→ **Exercise**
Your reply should be an exact copy of every entry, with the pictures removed.

================================

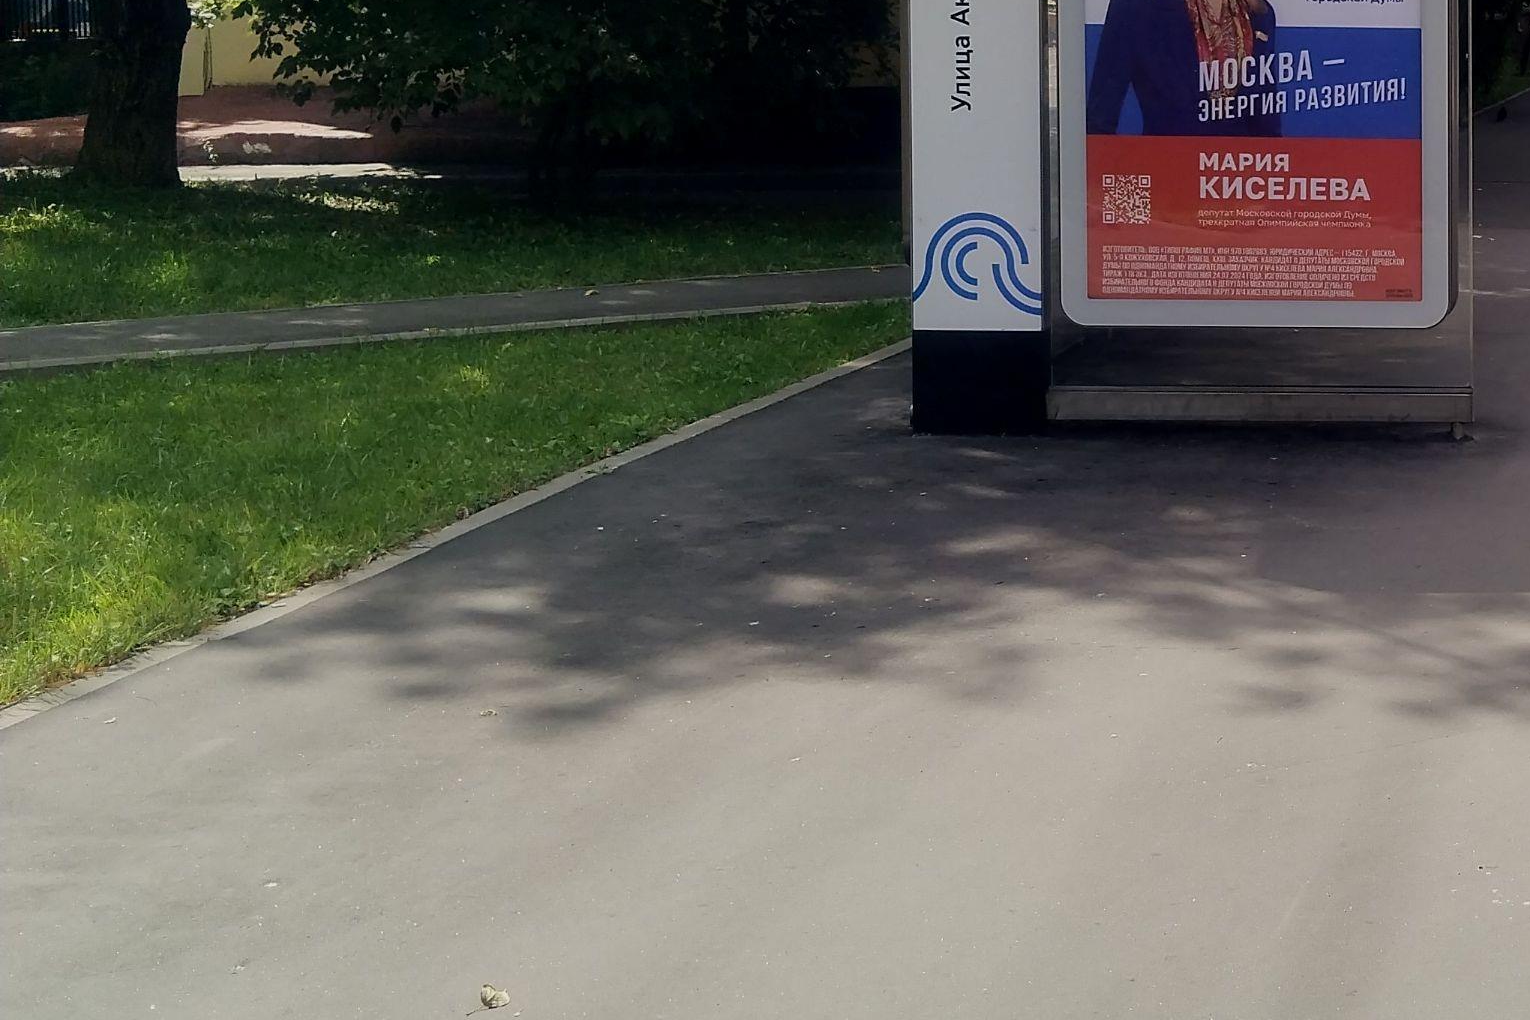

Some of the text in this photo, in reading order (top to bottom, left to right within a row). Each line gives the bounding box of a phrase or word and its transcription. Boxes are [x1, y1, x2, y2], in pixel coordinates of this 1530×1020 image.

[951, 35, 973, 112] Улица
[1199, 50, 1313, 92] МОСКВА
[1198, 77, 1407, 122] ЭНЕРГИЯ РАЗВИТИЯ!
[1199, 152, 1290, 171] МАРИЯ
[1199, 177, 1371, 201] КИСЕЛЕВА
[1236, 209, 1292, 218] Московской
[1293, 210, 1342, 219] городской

================================

→ **Response box**
Some of the text in this photo, in reading order (top to bottom, left to right within a row). Each line gives the bounding box of a phrase or word and its transcription. Boxes are [x1, y1, x2, y2], in pixel coordinates of this 1530×1020 image.

[951, 35, 973, 112] Улица
[1199, 50, 1313, 92] МОСКВА
[1198, 77, 1407, 122] ЭНЕРГИЯ РАЗВИТИЯ!
[1199, 152, 1290, 171] МАРИЯ
[1199, 177, 1371, 201] КИСЕЛЕВА
[1236, 209, 1292, 218] Московской
[1293, 210, 1342, 219] городской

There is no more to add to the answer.